This letter to the editor was originally published in The Winnipeg Free Press on July 8, 2023.
Re: Province unveils 72-point action plan on water strategy
The Manitoba government’s action plan for water management will not secure the health of our waterways without significant revision.
This includes its failure to address a key requirement for keeping our water clean: legally protecting key waterways and the lands that surround them from harmful developments. While the 72-point action plan has many commendable strategic objectives — like protecting and restoring aquatic ecosystems — there is little in the way of actionable items to give us confidence that these ecosystems will be secure.
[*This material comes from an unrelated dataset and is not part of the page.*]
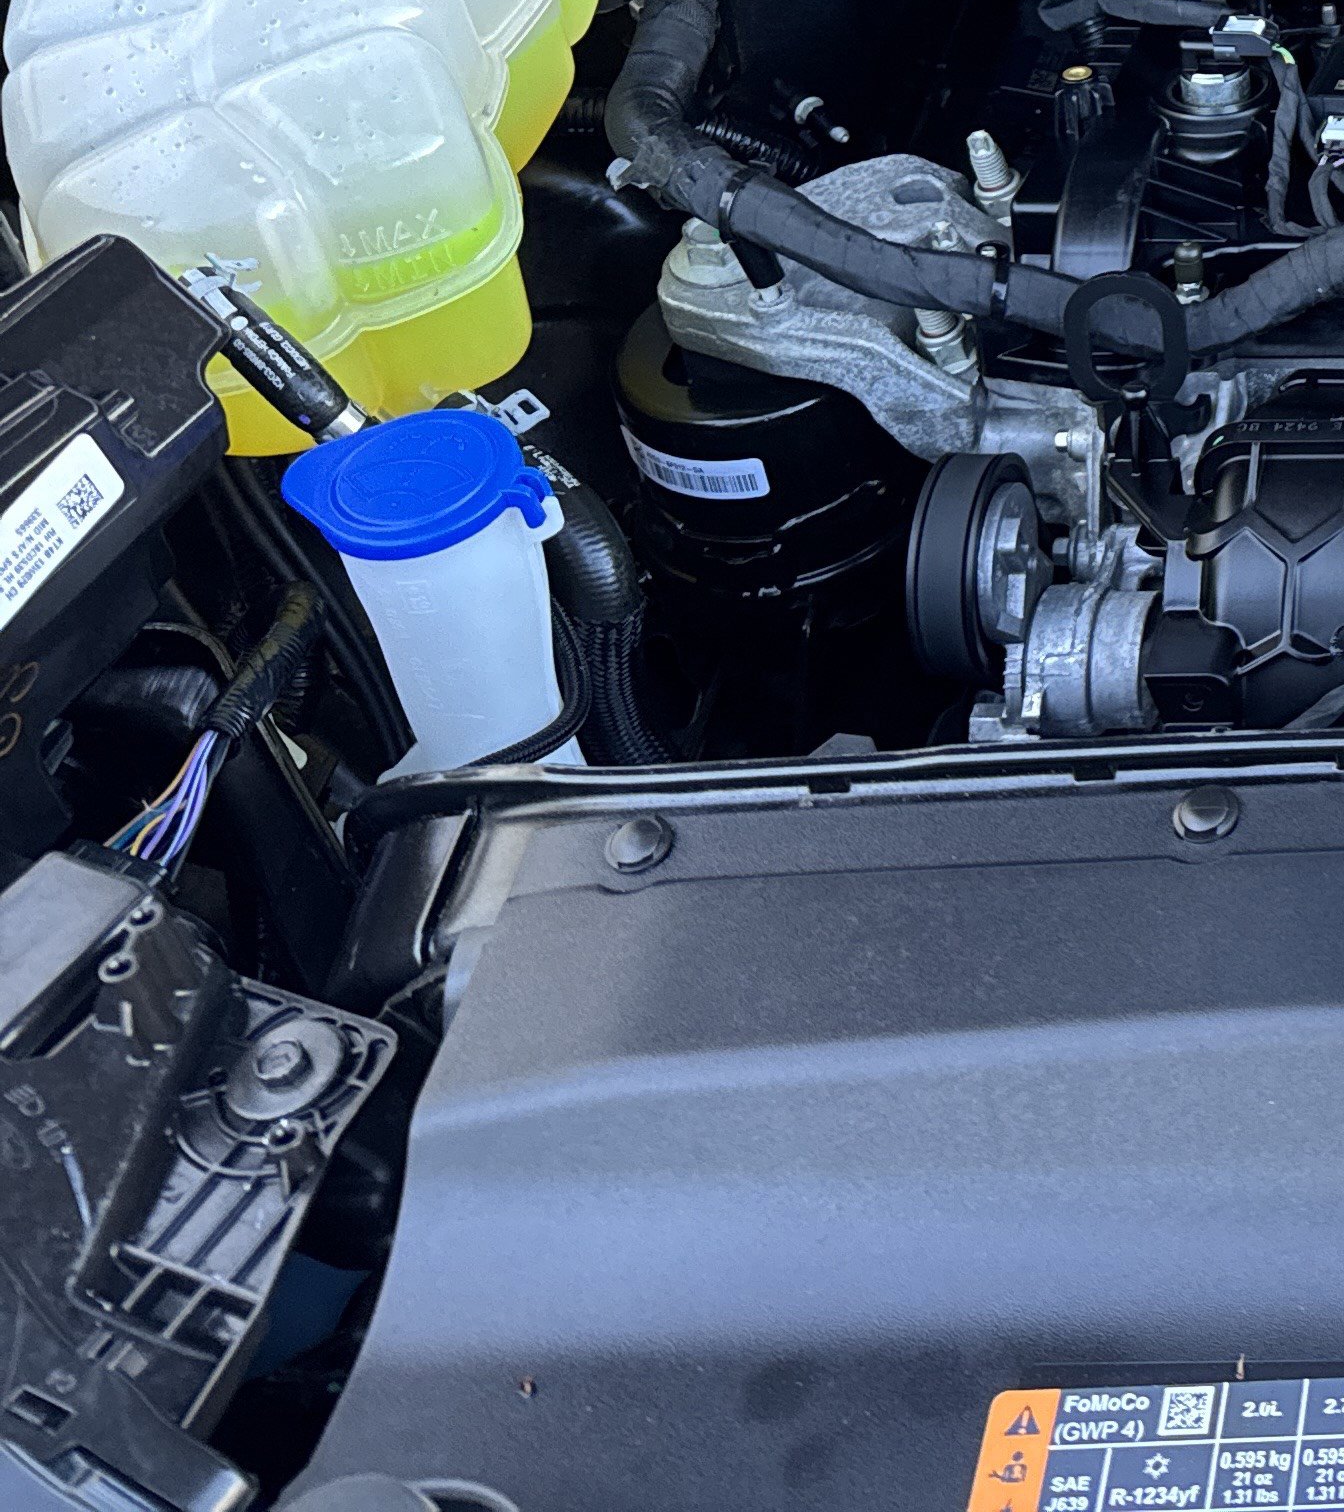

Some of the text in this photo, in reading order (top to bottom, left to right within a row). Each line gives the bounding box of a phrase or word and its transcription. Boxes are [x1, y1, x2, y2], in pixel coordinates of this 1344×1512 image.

The document fails to mention the key need to advance Manitoba Protected Areas Initiative, which has been crawling at a slug’s pace since 2015. Only two of the dozens of candidate protected areas awaiting designation were noted in the action plan. The overwhelming evidence shows that conserving at least 30 per cent of the world’s land and water by 2030 will help secure drinking water supplies, curb biodiversity loss, tackle climate change, prevent future pandemics, and sustain low-carbon economic prosperity.
Manitoba needs to do its part, yet the province doesn’t have a plan or a target for establishing protected areas. Manitoba has protected 11 per cent of provincial lands (71,561 sq. km, up a mere one tenth of one per cent since 2015). A water management strategy worth its salt must include a strong commitment to establish protected areas.
That is why we are asking every political party — and every candidate in the October election — to stand up for water, all of nature, and a healthy future for Manitobans by committing to protect 30 per cent of Manitoba’s lands and waters by 2030.